Se em 47 a. C. o general e cônsul romano Júlio César veio,
viu e venceu, neste 40º Fenata a atriz, diretora e produtora gaúcha Deborah Finocchiaro
veio, viu, foi vista e acachapou. E iluminou. E apontou caminhos. E ensinou. E mostrou
de forma absolutamente competente como é o ofício de atriz/ator. E demonstrou,
com uma humildade que só poderia vir de alguém que ama o teatro e a vida como a
si mesma, que a generosidade é o melhor caminho neste mundo complexo, perigoso,
arisco e salpicado de mentes politicamente corretas (essa ignomínia que desejamos
ardentemente a zilhões de anos-luz de distância do teatro).
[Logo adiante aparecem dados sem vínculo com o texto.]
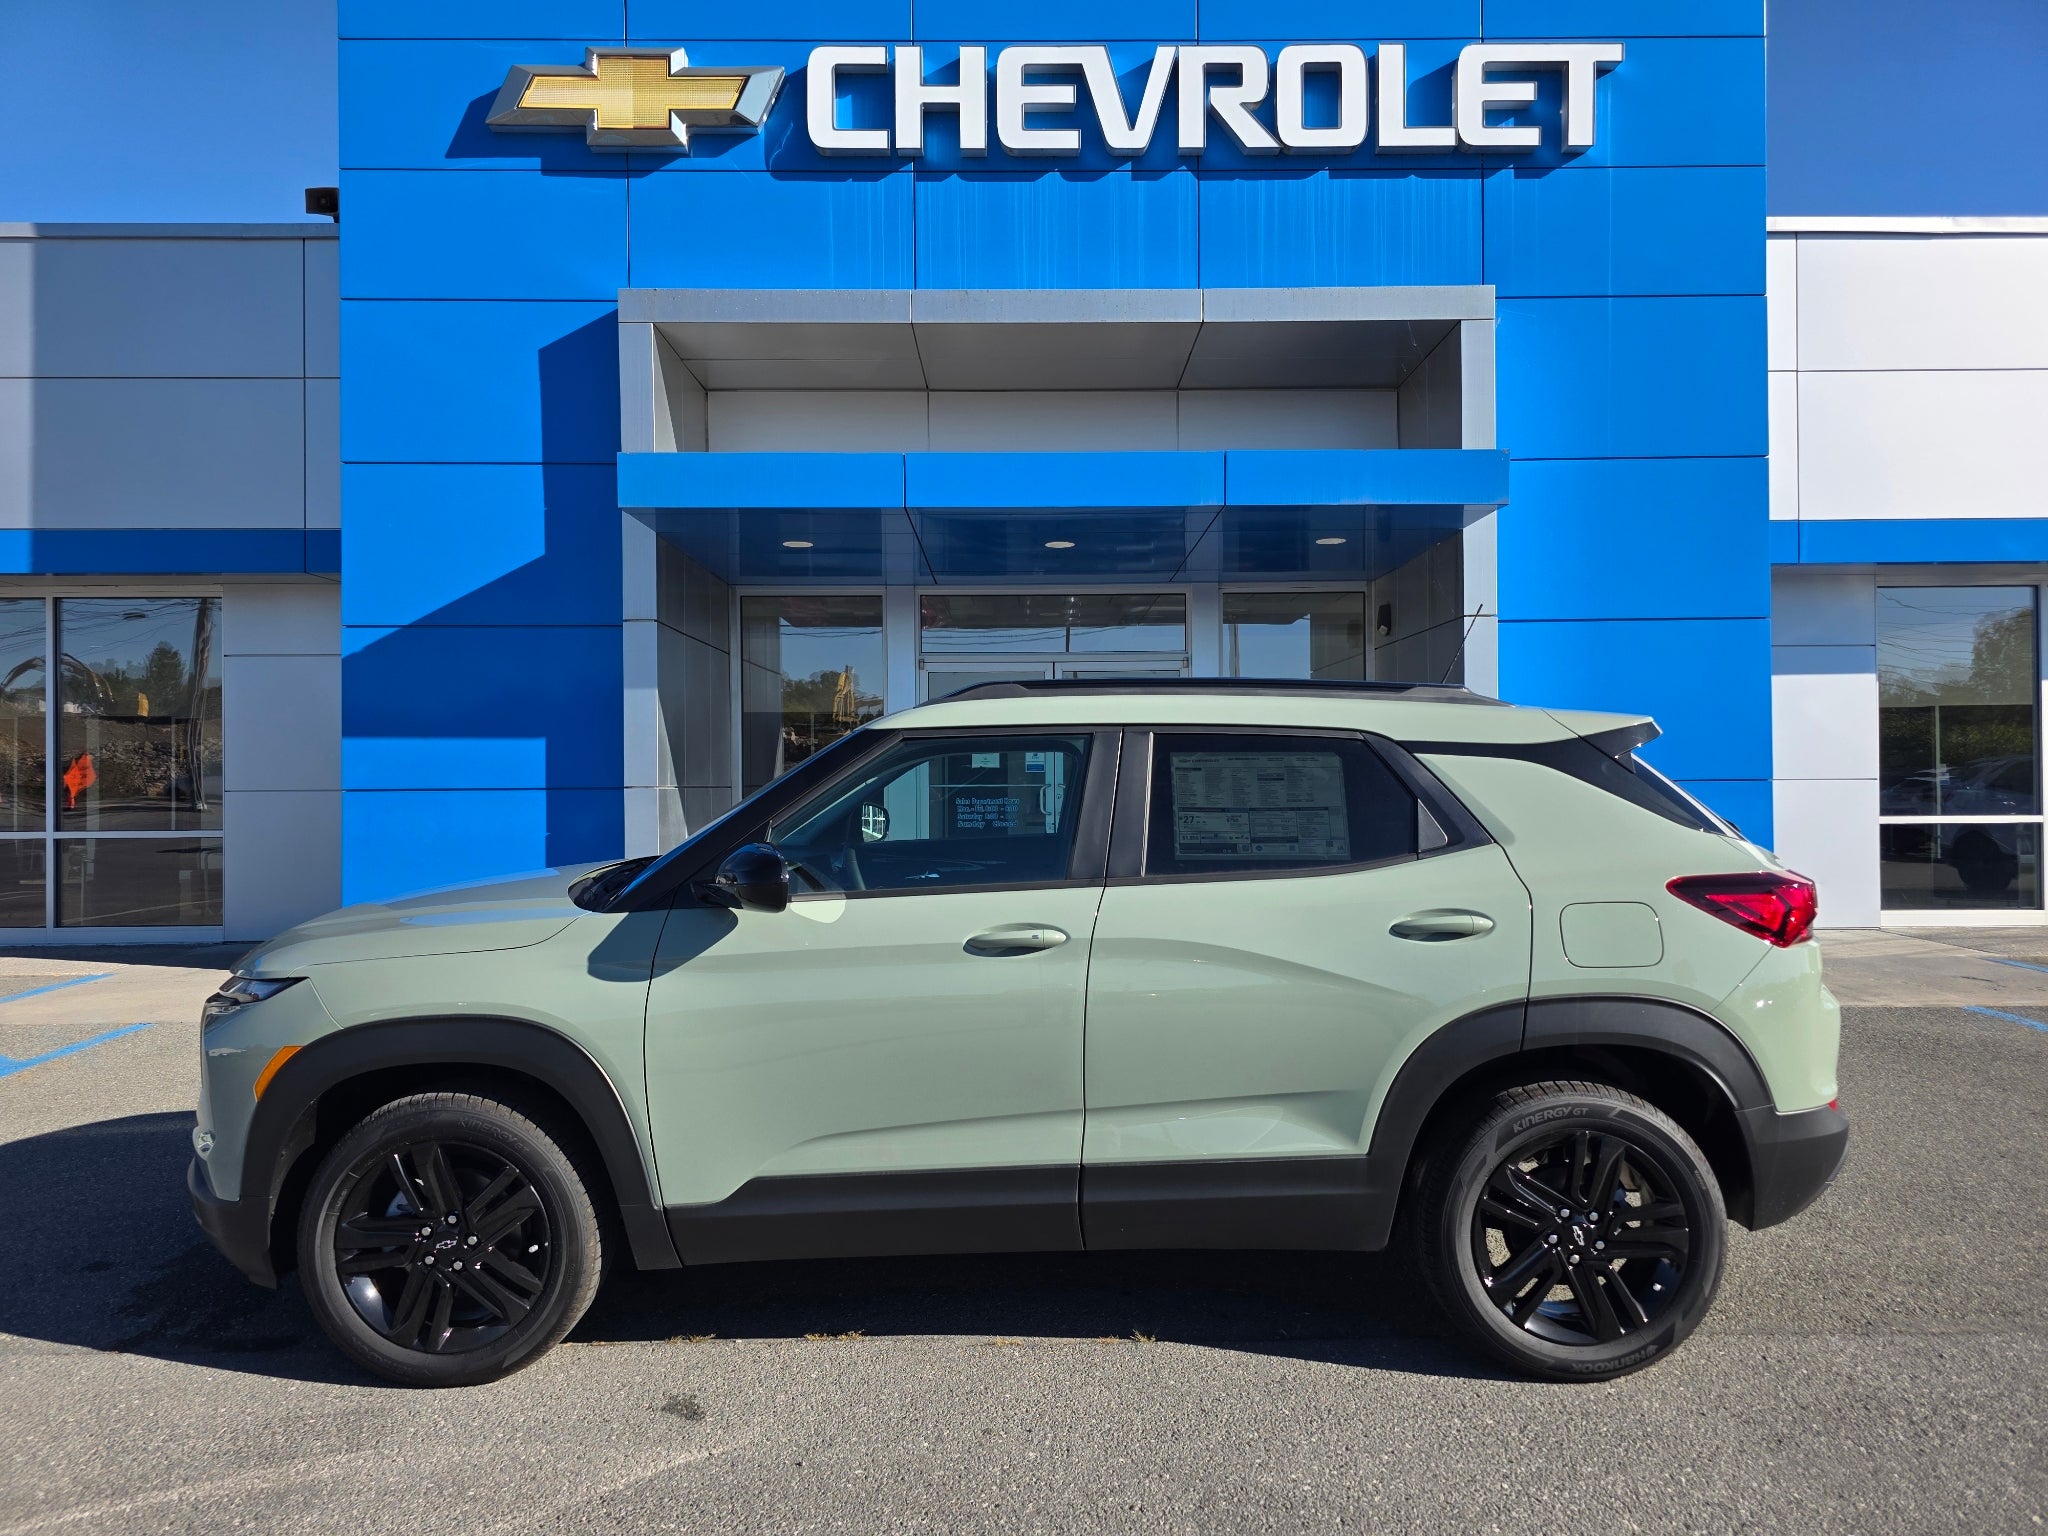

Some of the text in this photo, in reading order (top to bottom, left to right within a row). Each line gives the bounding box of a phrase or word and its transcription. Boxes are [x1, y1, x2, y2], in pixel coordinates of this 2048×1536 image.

Em suma, é o que se viu na noite desta segunda-feira (12),
no auditório A do Cine-Teatro Ópera, com o espetáculo Pois é, Vizinha…, da Companhia
de Solos & Bem Acompanhados, de Porto Alegre (RS), apresentado mais de 560 vezes e visto por mais de 200 mil pessoas,
em 19 anos de estrada. A partir do texto original, Uma Donna Sola, do
dramaturgo, ator e diretor italiano Dario Fo e de Franca Rame, e traduzido pelo
diretor paulista Roberto Vignati, Deborah fez uma adaptação para os dias atuais
de um tema irritantemente recorrente: a violência contra a mulher. Segundo a
sinopse da peça, trata-se da história de Maria, uma dona de casa trancafiada
em casa pelo marido ‘gauchão’ e que é obrigada a suportar o cunhado
semiparalítico e tarado, o ‘voyeur’ do prédio vizinho, o tarado do telefone e o
apaixonado rapaz, que é professor de inglês. Tudo isso, ao mesmo tempo em que
ela tem de cuidar do bebê.

Certo dia, enquanto varre a varanda do apartamento, Maria encontra
uma vizinha do prédio em frente e começa a desabafar. Aos poucos, seu ‘simples
cotidiano’ começa a se revelar patético e… cruel. Tanto que a plateia demora um
pouco para perceber que, na verdade, está rindo – e às vezes gargalhando – de algo
trágico. E, quando se dá conta, já é tarde, e o riso frouxo se torna algo asfixiante.
O engasgo e o engolir seco não demoram a chegar, e público começa a rir, então,
da miséria humana; da sua própria miséria. A montagem causa um conjunto tão grande
de sensações que é de perder o fôlego
quando Deborah resvala no escatológico sexual e, por vezes, no caricatural.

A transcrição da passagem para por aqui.